Sources of Unsteady Aerodynamic Loading
Figure 8.1 summarizes the various sources of unsteady effects that may affect the blade airloads. The AoA environment of a typical blade element is the resultant of a combination of forcing from collective and cyclic blade pitch, twist angle, elastic torsion, blade flapping velocity, and elastic bending. The induced downwash effects from the trailed wake system and the locally high velocity field perturbations produced by discrete tip vortices are also of primary importance, and their effects on the airloads must be considered if the unsteady aerodynamics effects on the rotor are to be fully understood and predicted.
At the blade element level, the various effects described in Fig. 8.1 can be decomposed into perturbations to the local AoA and velocity field, as shown in Fig. 8.2. At low angles of attack with fully attached flow, the various sources of unsteady effects manifest primarily as moderate amplitude and phase variations relative to the quasi-steady airloads. However, at higher angles of attack when time-dependent flow separation from the airfoil may be involved, a phenomenon that has become known as dynamic stall may occur. This phenomenon is manifest by large overshoots in the values of the lift, drag, and pitching moment relative to the quasi-steady stall values.

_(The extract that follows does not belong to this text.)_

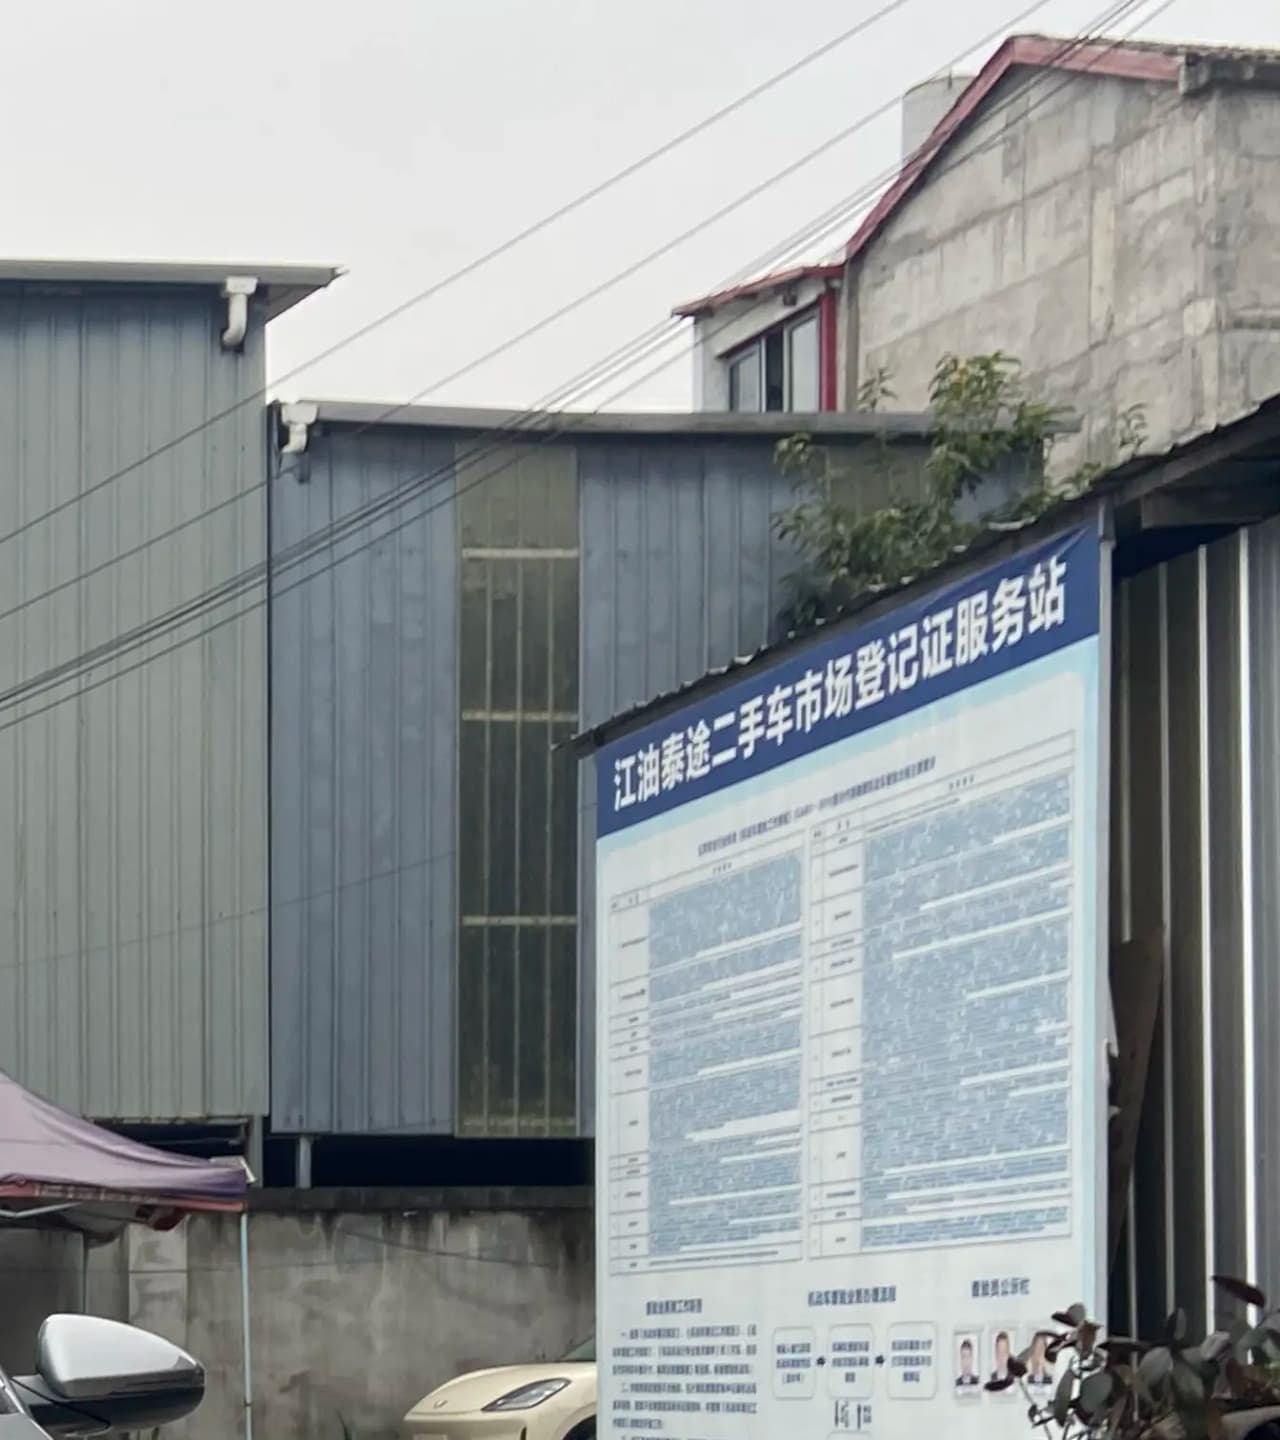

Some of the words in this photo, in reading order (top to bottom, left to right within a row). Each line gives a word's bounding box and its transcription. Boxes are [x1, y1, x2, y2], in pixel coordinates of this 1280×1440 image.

[614, 555, 1067, 812] 江油泰途二手车市场登记证服务站

Dynamic stall is also accompanied by much larger phase variations in the unsteady airloads as a result of significant hysteresis in the flow developments; that is, the values of the airloads at the same AoA may be very different depending on whether the flow is separating or reattaching. As will be discussed in Chapter 9, the amplitude and phase effects produced by the stalled airloads can lead to various aeroelastic problems on the rotor that may seriously limit its performance compared to that assumed or predicted on the basis of making quasi-steady flow assumptions.